A Bold, Bare, and Brilliant Solo Dive into Shakespeare’s Darkest Mind
I walked into Wilton’s Music Hall not quite sure what to expect as it is not every day you see Hamlet performed by one person—and only a few months ago, Andrew Scott gave us a one-man Vanya that left a high bar. Hamlet, though, feels even riskier. A dense web of grief, madness, politics, and philosophy, usually requiring a cast of 20. How could one person possibly carry it?
Well, Mark Lockyer doesn’t just carry it. He lifts it, distills it, and lets it take flight.
From the moment Lockyer stepped onto the stripped-back stage (just a red curtain, a wooden chair and table, a coffee pot, and a single floor lamp) he set the tone: no spectacle, no fuss. He sat quietly, took a sip of coffee, placed his head in his hands, and then… he became Hamlet. Or rather, he became the world of the play, embodying not just Hamlet’s turmoil, but every character who dares to cross the Danish court.

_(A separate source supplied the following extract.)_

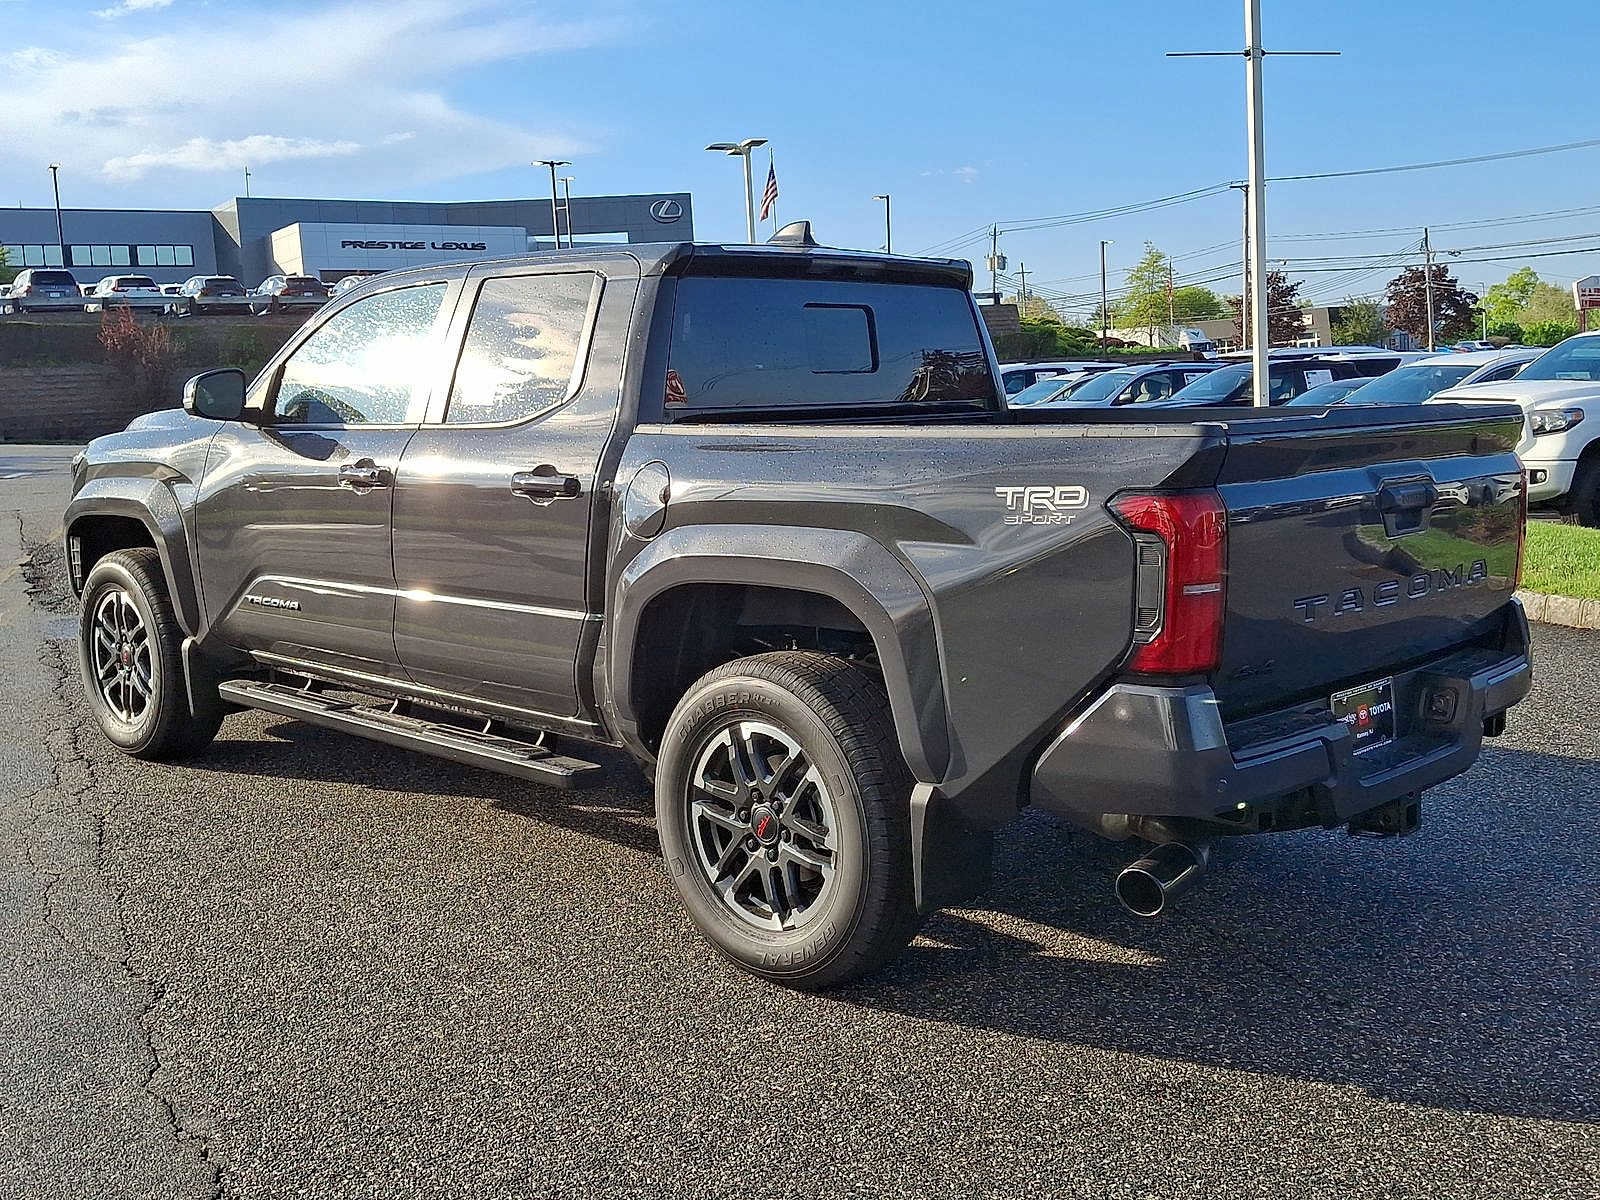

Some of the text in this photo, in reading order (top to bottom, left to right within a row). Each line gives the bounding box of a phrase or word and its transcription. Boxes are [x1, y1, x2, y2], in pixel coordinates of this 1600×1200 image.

What followed was not a “performance” in the usual sense. It felt more like a channelling. Lockyer was a vessel, shifting fluidly between characters with nothing more than a change in voice, posture, or rhythm. There was no confusion, no gimmickry—just clarity, intimacy, and raw precision. Every gesture mattered. In the simplicity of the staging, there was deep complexity.
And there was something else at play—a chemistry beyond the stage, between actor and director. This is a collaboration between Lockyer and Fiona Laird, and you can feel the trust. The performance flows with ease and intention, as if shaped over years of shared language. Lockyer’s delivery has that rare quality of being technically sharp and emotionally instinctive, a result, no doubt, of lived experience and creative alignment.

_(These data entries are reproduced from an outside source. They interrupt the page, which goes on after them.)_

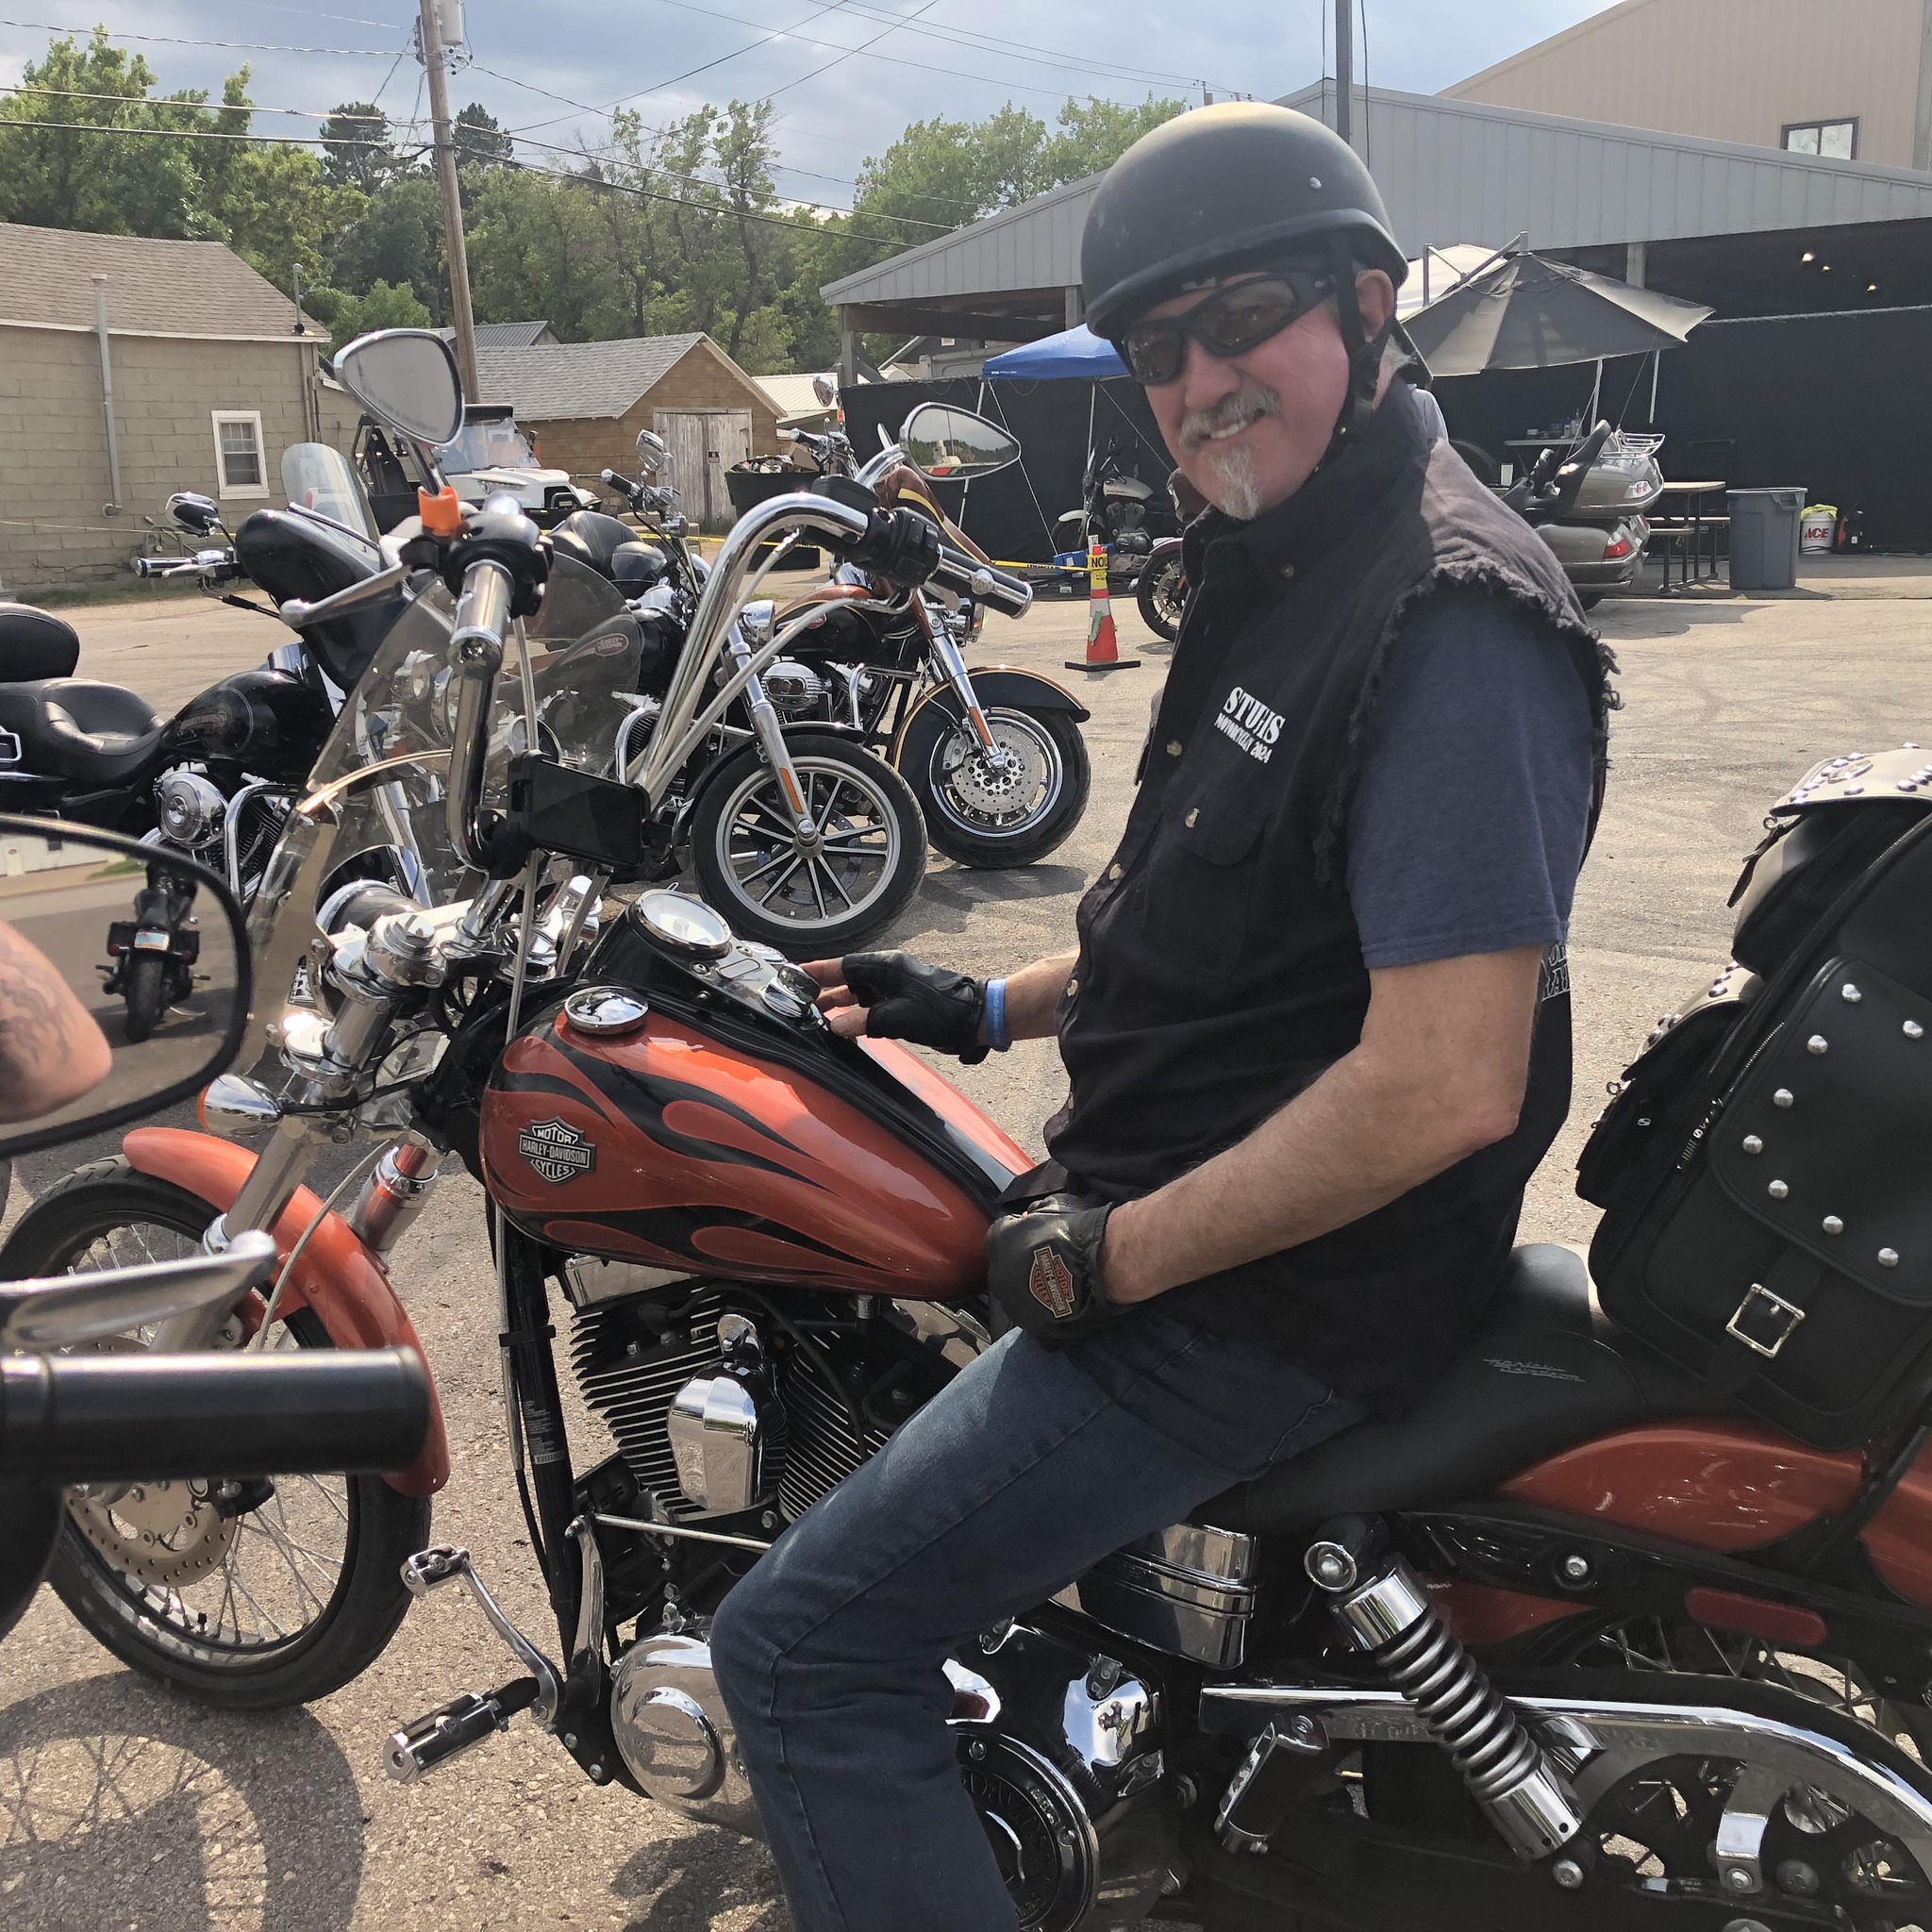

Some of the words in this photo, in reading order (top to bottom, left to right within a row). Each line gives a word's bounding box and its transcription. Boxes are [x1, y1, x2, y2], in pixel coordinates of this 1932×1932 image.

[1805, 528, 1829, 539] ACE
[537, 1126, 572, 1144] MOTOR
[522, 1139, 587, 1164] HARLEY-DAVIDSON
[535, 1160, 570, 1179] CYCLES
[1041, 1252, 1066, 1312] HARLEY-DAVIDSON

Lockyer has spoken before about his long journey back to the stage, about his battle with mental illness, addiction, and time lost to instability. But this production is not about redemption. It is about honouring the text. In interviews, Lockyer has stressed that Shakespeare comes first, and it shows. There’s no indulgence here, only deep respect for the language, and a mission to make it live for everyone.

And he succeeds. There were moments where I forgot I was watching a one-man show. Moments where lines I thought I knew rang out with such natural clarity I felt like I was hearing them for the first time. One that stuck with me is Claudius’s reflection on Gertrude:
“My virtue or my plague, be it either which,—She’s so conjunctive to my life and soul.”
Delivered almost offhand, it lingered in the air like something too close to real life. That ability to make Shakespeare sound like a passing thought rather than a monologue—that’s skill.
Lockyer also knows exactly when to draw us in. During Hamlet’s moments of deepest despair, he didn’t retreat. Instead he leaned in, physically and emotionally. At times he stood right at the edge of the stage, barely over it, talking to us directly, like we were the only ones who could hear him. The lighting, subtle but clever, worked like an extra character—marking shifts in rhythm, scene, or tone. One especially memorable moment: when Hamlet’s father’s ghost speaks, Lockyer stood in front of the floor lamp, casting a towering shadow on the old music hall wall, eerie and otherworldly. It was simple, effective, unforgettable.
Amid the tragedy, there were moments of unexpected humour, slipped in with finesse. These weren’t jokes, they were wry, human recognitions that made the production feel grounded, relatable.
This wasn’t just a bold experiment—it was a reminder of what theatre can do with very little. A single performer, a small stage, and a 400 year-old script, when handled with honesty and craft, can still make an audience hold its breath. And perhaps most importantly: it’s clear. Lockyer wanted this Hamlet to be accessible to anyone, especially the younger generations, and it is. You don’t need a literature degree to understand it. You just need to be willing to listen. And once you do, it becomes hard to stop.
The Play’s The Thing. A One Person Hamlet plays until April 12th at Wilton’s Music Hall.